_REQUIRED WORK_. Give the data again exactly as it appears, excluding any pictures.

***** SUPPLIED RECORDS *****

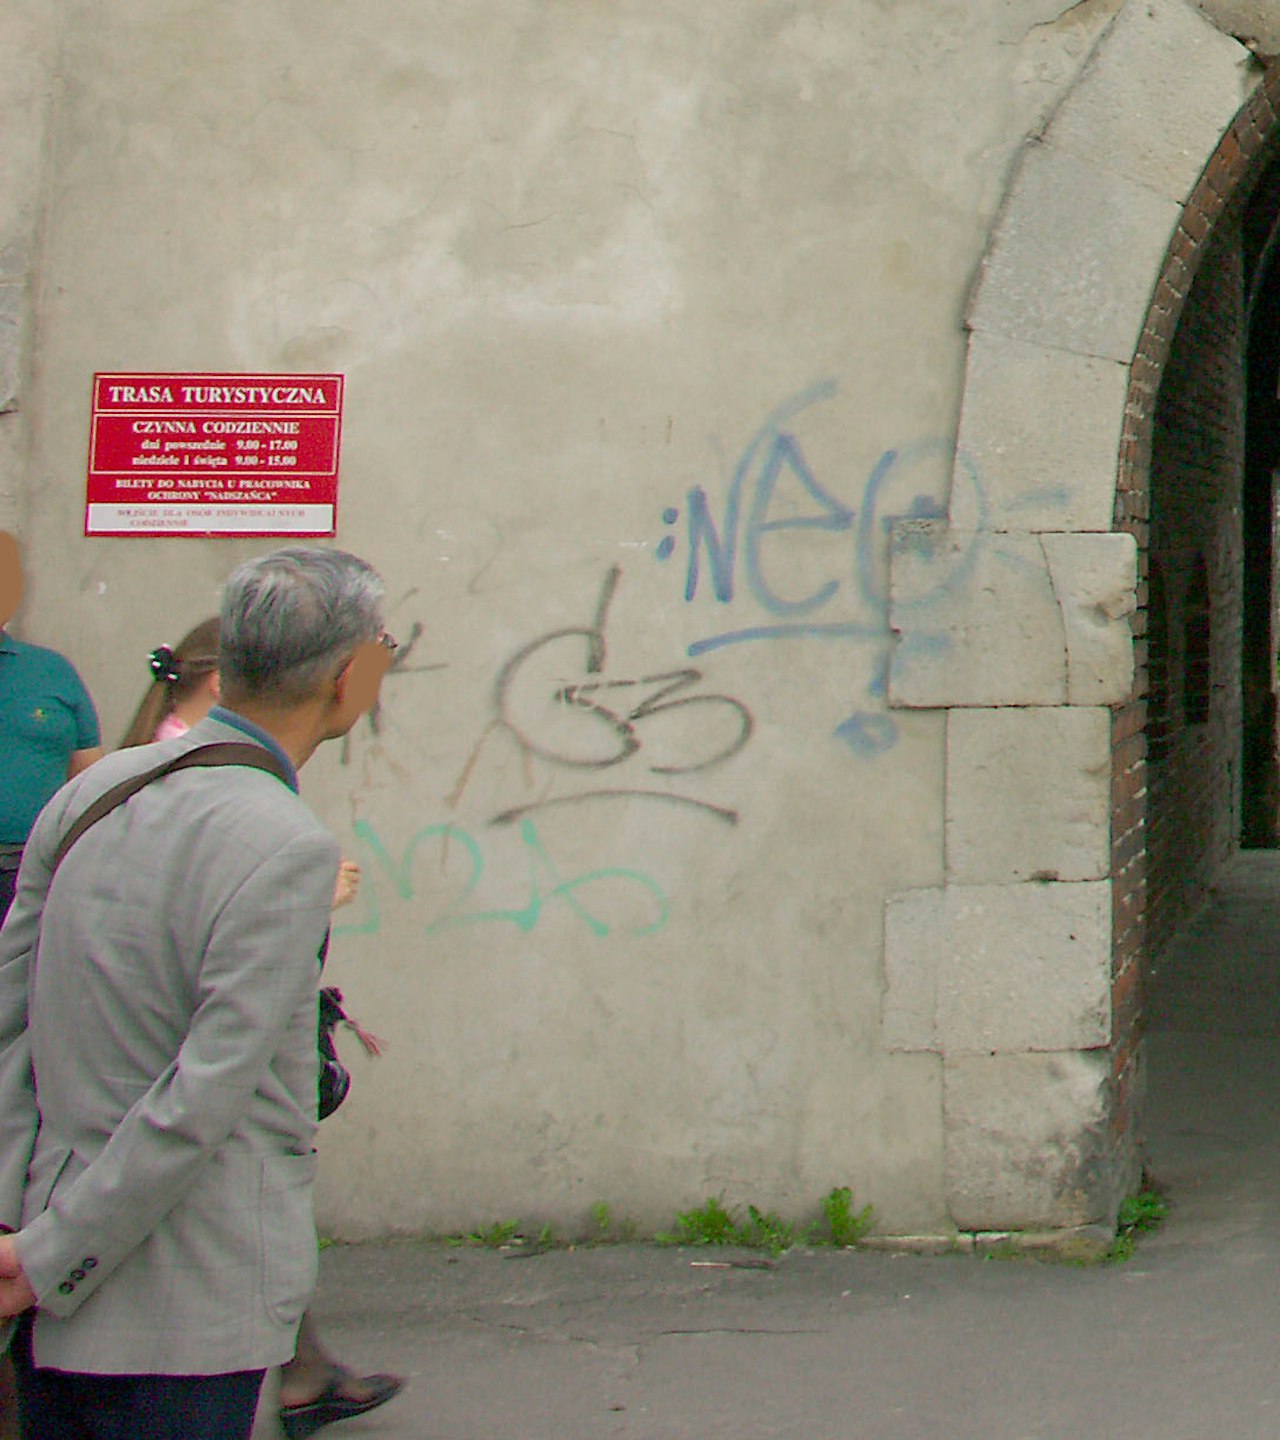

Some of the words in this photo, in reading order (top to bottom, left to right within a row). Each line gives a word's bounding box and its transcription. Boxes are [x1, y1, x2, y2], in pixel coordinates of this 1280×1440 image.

[109, 386, 173, 403] TRASA
[181, 387, 326, 404] TURYSTYCZNA
[132, 421, 196, 433] CZYNNA
[202, 421, 300, 434] CODZIENNIE
[141, 439, 160, 449] dni
[165, 439, 226, 452] powszednie
[236, 440, 260, 450] 9.00
[269, 440, 298, 450] 17.00
[132, 454, 180, 465] niedziele
[235, 455, 259, 465] 9.00
[268, 455, 297, 465] 15.00
[115, 479, 154, 488] BILETY
[157, 479, 175, 488] DO
[178, 479, 224, 488] NABYCIA
[227, 479, 236, 488] U
[239, 480, 311, 489] PRACOWNIKA
[147, 491, 200, 500] OCHRONY

*****

_WRITTEN SOLUTION_.
Some of the words in this photo, in reading order (top to bottom, left to right within a row). Each line gives a word's bounding box and its transcription. Boxes are [x1, y1, x2, y2], in pixel coordinates of this 1280×1440 image.

[109, 386, 173, 403] TRASA
[181, 387, 326, 404] TURYSTYCZNA
[132, 421, 196, 433] CZYNNA
[202, 421, 300, 434] CODZIENNIE
[141, 439, 160, 449] dni
[165, 439, 226, 452] powszednie
[236, 440, 260, 450] 9.00
[269, 440, 298, 450] 17.00
[132, 454, 180, 465] niedziele
[235, 455, 259, 465] 9.00
[268, 455, 297, 465] 15.00
[115, 479, 154, 488] BILETY
[157, 479, 175, 488] DO
[178, 479, 224, 488] NABYCIA
[227, 479, 236, 488] U
[239, 480, 311, 489] PRACOWNIKA
[147, 491, 200, 500] OCHRONY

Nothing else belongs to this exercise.